“Don't forget the bow. We have the recital next week.” she shouts, her voice burrowing
deep in his brain where it will spend the next few minutes bouncing around
until it sinks into the hidden recesses to fester there with all of her other
commands.
Without responding, he gets in the car and closes the door. He
watches her on the porch, her hands on her hips, her hair, make-up and clothes
all perfectly in place, her mouth solidly in the position of disapproval that
she wears when he's around. His son, Edgar, stands next to her. Small for his
age, carrying his violin case, wearing a too-large suit even on this hot
September morning. They are his family. Words written on official papers that
had never found a place in his heart. The feeling was mutual, he thought, he
was not part of their tight little circle of two either. He drives off,
relieved to be leaving them.
The early
morning Boston traffic is heavy and he panics realising that he might be late
for his flight. He knows how important the meeting in Los Angeles is for the
company. “Mess this up Eddie, and you’re
out!” Mr. Cleaver had screamed in his face the day before.
Company finances meant that he had to make
this early morning flight, land in L.A. at 11:00 and be ready for the 1:00 pm
meeting. After the meeting, he’d get straight back on the evening flight to
Boston, expected back in the office tomorrow morning.
“God I hate this job,”
Eddie says to no one.
“Hey,
drive your car, stupid!” he shouts at the grey sedan in front of him. He
glances at his watch. Twenty minutes to get to the airport. He’ll never make
it. Swerving into the fast lane, he ignores the honks of the discontented
behind him. He has to make this meeting. It was a huge deal with a new
California hotel chain - all the fittings for all the hotels. It would save the
company and, hopefully, his job too. Mr. Cleaver had reminded him it was “an
opportunity that they just couldn’t miss.”
He pulls
into the parking lot at 7:45, he has fifteen minutes to get through the gate.

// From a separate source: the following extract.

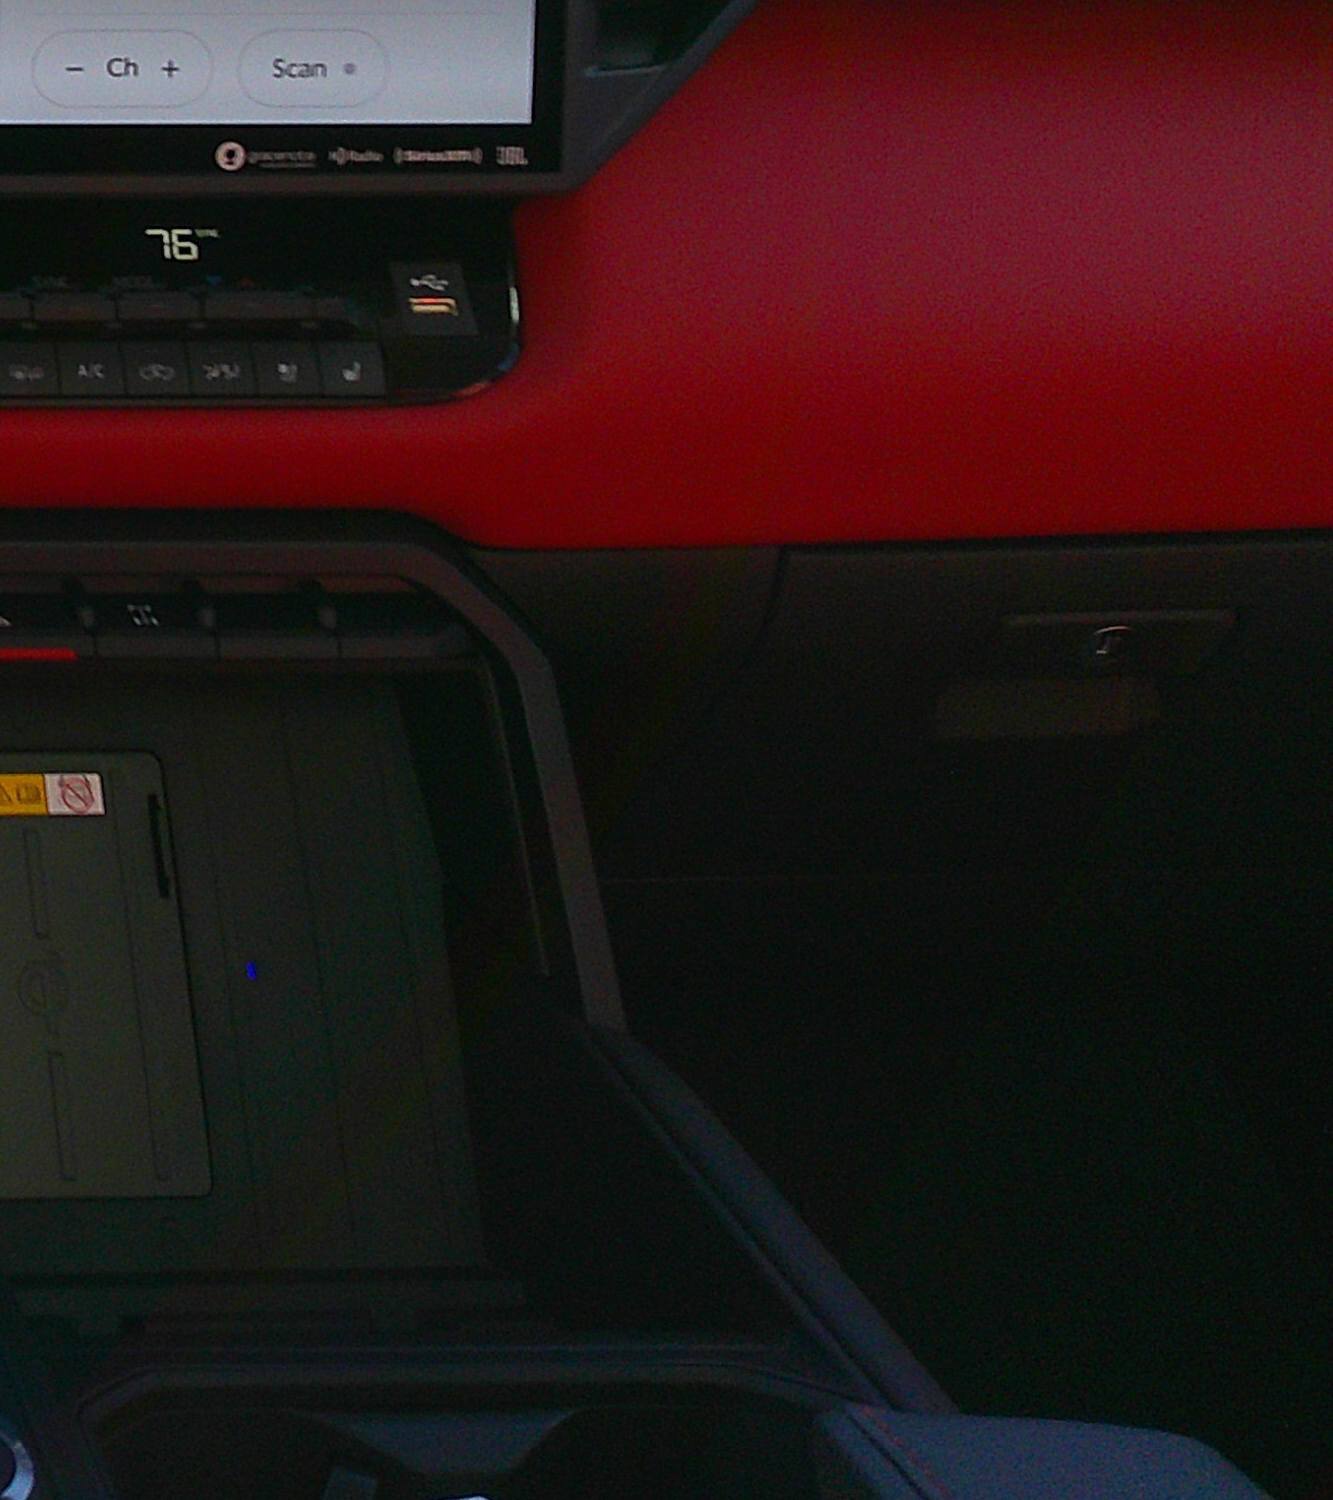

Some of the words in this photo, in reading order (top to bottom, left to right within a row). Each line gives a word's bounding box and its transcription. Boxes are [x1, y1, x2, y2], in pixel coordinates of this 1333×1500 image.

[106, 57, 140, 79] Ch
[272, 58, 328, 79] Scan
[144, 228, 200, 261] 76

Grabbing his briefcase from the back seat of the car, he runs for the door of
the airport. Inside he quickly scans the information boards and finds his
flight, United Airlines Flight 175. He dashes left to the terminal.
Five
minutes, the big, plain-faced clock on the wall says. He throws his briefcase on the counter and
steps into the metal detector. It beeps.
"Damn. Please, it’s just my watch.
I’ll miss my flight,” he begs the officials. Just then the loud speaker
announces the last call for Flight 175. Eddie turns to the officials in
desperation.
A fat man
who appears to be the boss smiles and says, “Okay, go through.”
He reaches
the gate, his breathing heavy from the unaccustomed run. “Please, that’s my
flight,” he shouts at the prim young man who has already closed the door and is
packing up his papers to move to the next terminal.
Pointing
out the big window, the man says, “They’re leaving. Just on time 7:59. I’m sorry but
you’ve missed it. You can take the flight at noon.” He smiles at Eddie and
turns and walks away.
Eddie
walks to the window, pressing his face against the thick glass. He wonders if
he somehow managed to get out to the
runway, would they open the doors for him? If they did, it was so high up, how
would he get on? He decides he's thinking crazy. There's nothing he can do.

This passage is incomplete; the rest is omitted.